DATA SHOWN:
+ + +
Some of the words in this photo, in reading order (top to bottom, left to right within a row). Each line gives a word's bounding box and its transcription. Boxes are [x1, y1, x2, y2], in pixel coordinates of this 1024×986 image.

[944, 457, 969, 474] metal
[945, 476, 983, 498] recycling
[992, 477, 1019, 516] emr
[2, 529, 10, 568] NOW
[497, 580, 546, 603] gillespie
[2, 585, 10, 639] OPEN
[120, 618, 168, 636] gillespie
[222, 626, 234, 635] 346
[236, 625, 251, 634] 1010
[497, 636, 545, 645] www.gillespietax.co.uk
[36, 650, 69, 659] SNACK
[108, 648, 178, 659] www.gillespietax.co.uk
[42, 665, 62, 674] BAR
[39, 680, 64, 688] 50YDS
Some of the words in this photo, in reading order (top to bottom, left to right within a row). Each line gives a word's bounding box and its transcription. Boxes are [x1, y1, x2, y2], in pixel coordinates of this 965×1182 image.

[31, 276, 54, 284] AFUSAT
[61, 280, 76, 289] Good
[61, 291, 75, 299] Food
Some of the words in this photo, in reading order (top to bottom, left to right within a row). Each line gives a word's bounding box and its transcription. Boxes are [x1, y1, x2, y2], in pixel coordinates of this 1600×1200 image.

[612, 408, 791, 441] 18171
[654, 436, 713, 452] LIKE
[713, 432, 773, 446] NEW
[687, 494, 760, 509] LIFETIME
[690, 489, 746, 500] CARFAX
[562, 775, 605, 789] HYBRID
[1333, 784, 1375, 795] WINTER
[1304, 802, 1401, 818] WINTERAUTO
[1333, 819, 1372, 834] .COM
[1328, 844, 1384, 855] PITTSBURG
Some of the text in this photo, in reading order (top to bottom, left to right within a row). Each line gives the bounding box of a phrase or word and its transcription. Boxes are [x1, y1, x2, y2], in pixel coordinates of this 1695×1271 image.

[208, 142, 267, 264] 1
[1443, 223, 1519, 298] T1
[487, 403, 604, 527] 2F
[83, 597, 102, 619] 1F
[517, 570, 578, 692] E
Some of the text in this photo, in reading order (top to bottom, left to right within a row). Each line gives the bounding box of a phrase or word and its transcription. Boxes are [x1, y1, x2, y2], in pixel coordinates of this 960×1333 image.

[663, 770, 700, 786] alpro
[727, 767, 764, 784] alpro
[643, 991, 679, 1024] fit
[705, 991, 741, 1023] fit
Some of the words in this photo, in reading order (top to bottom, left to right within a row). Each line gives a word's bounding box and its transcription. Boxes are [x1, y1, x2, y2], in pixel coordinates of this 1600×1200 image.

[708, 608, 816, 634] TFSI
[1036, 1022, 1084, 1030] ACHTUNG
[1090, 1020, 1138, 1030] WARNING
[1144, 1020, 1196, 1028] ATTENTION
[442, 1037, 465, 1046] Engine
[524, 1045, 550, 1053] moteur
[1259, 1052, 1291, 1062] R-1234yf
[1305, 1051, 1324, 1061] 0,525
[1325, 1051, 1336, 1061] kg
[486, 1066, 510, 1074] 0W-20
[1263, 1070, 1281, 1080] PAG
+ + +
PROBLEM TO WORK ON:
Copy, with no alteration, the line that contains "this 960×1333 image." and each remaining line of the listing above.

FINAL ANSWER:
Some of the text in this photo, in reading order (top to bottom, left to right within a row). Each line gives the bounding box of a phrase or word and its transcription. Boxes are [x1, y1, x2, y2], in pixel coordinates of this 960×1333 image.

[663, 770, 700, 786] alpro
[727, 767, 764, 784] alpro
[643, 991, 679, 1024] fit
[705, 991, 741, 1023] fit
Some of the words in this photo, in reading order (top to bottom, left to right within a row). Each line gives a word's bounding box and its transcription. Boxes are [x1, y1, x2, y2], in pixel coordinates of this 1600×1200 image.

[708, 608, 816, 634] TFSI
[1036, 1022, 1084, 1030] ACHTUNG
[1090, 1020, 1138, 1030] WARNING
[1144, 1020, 1196, 1028] ATTENTION
[442, 1037, 465, 1046] Engine
[524, 1045, 550, 1053] moteur
[1259, 1052, 1291, 1062] R-1234yf
[1305, 1051, 1324, 1061] 0,525
[1325, 1051, 1336, 1061] kg
[486, 1066, 510, 1074] 0W-20
[1263, 1070, 1281, 1080] PAG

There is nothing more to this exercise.